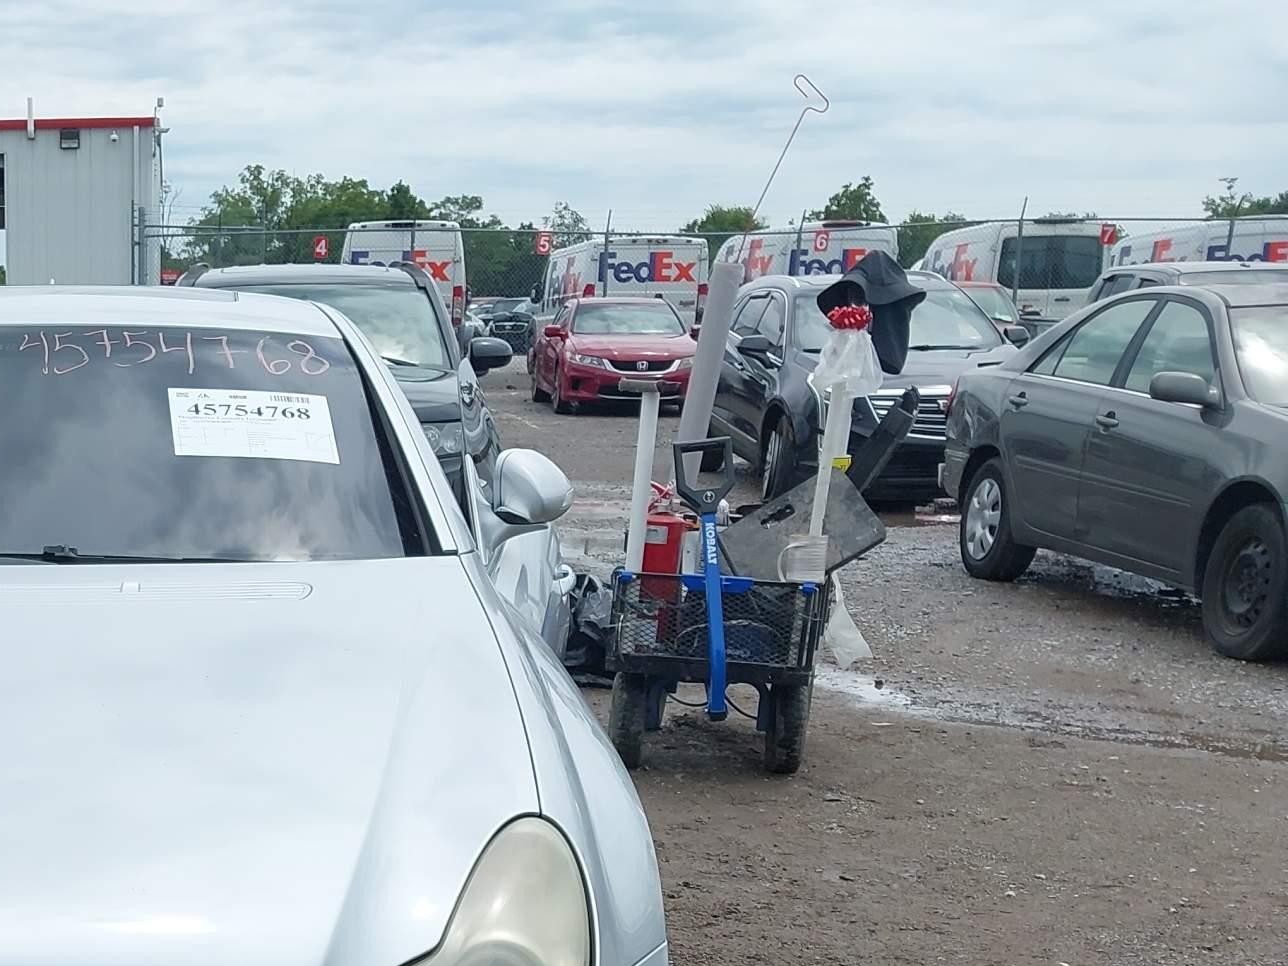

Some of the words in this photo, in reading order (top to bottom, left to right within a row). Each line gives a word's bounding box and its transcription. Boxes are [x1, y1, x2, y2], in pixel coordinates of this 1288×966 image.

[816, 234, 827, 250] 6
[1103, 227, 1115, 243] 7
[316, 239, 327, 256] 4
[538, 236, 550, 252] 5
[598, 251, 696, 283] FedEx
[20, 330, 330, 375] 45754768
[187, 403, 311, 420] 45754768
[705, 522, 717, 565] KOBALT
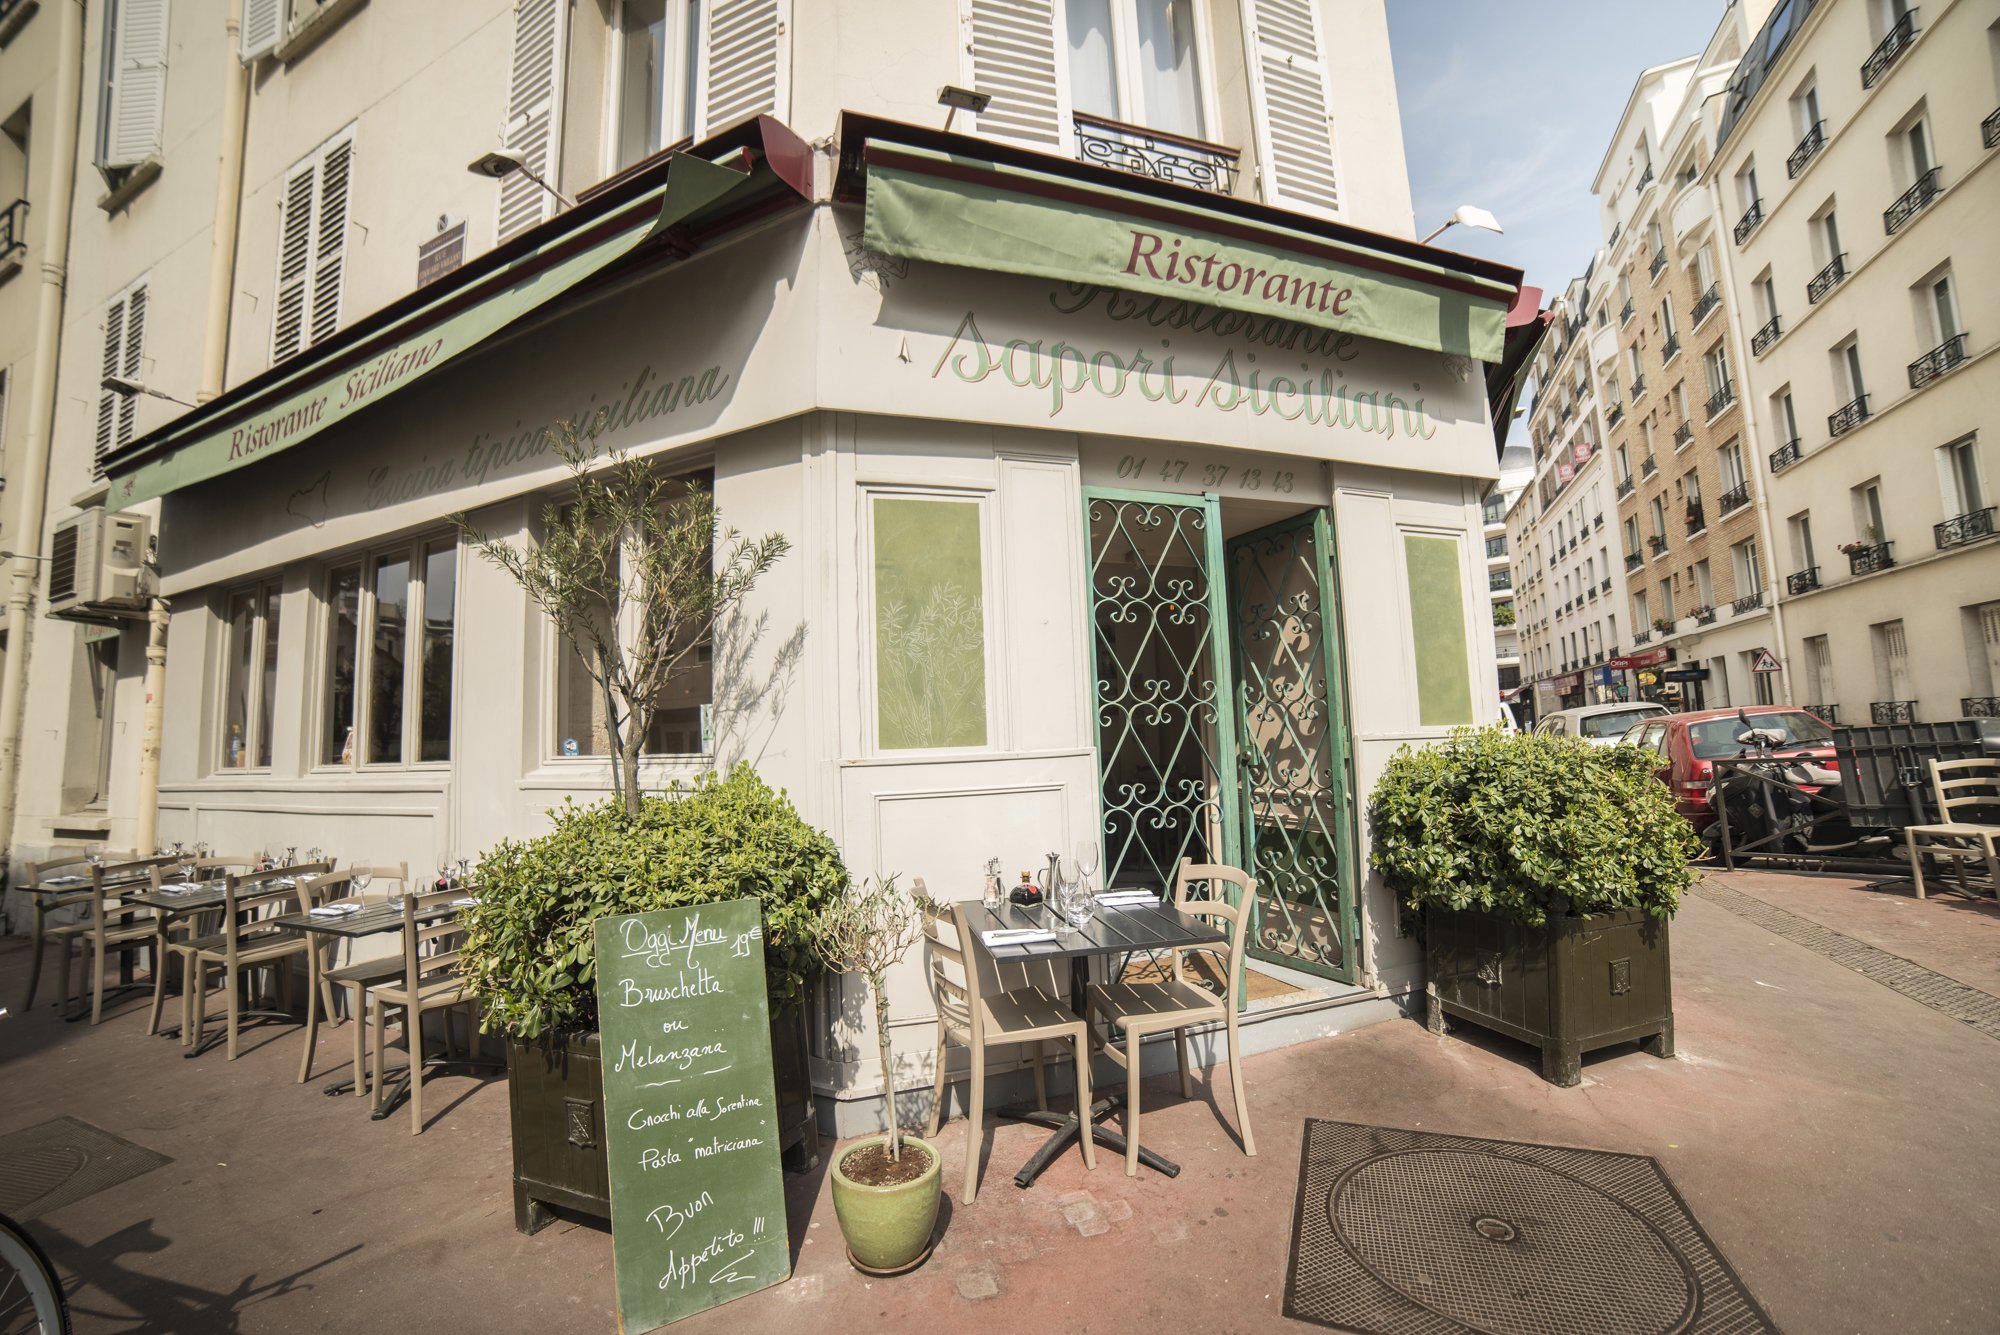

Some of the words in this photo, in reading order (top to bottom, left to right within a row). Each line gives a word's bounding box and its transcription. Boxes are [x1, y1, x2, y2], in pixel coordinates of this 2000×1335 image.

What is needed >> Print each record exactly as it stands, leaving the images out.

Task result >>
Some of the words in this photo, in reading order (top to bottom, left to right within a row). Each line gives a word's bounding box and its transcription. Boxes are [x1, y1, x2, y2], in pixel coordinates of this 1288×966 image.

[816, 234, 827, 250] 6
[1103, 227, 1115, 243] 7
[316, 239, 327, 256] 4
[538, 236, 550, 252] 5
[598, 251, 696, 283] FedEx
[20, 330, 330, 375] 45754768
[187, 403, 311, 420] 45754768
[705, 522, 717, 565] KOBALT

Some of the words in this photo, in reading order (top to bottom, left to right within a row). Each line gives a word's bounding box and its transcription. Boxes are [x1, y1, x2, y2], in pixel coordinates of this 2000×1335 image.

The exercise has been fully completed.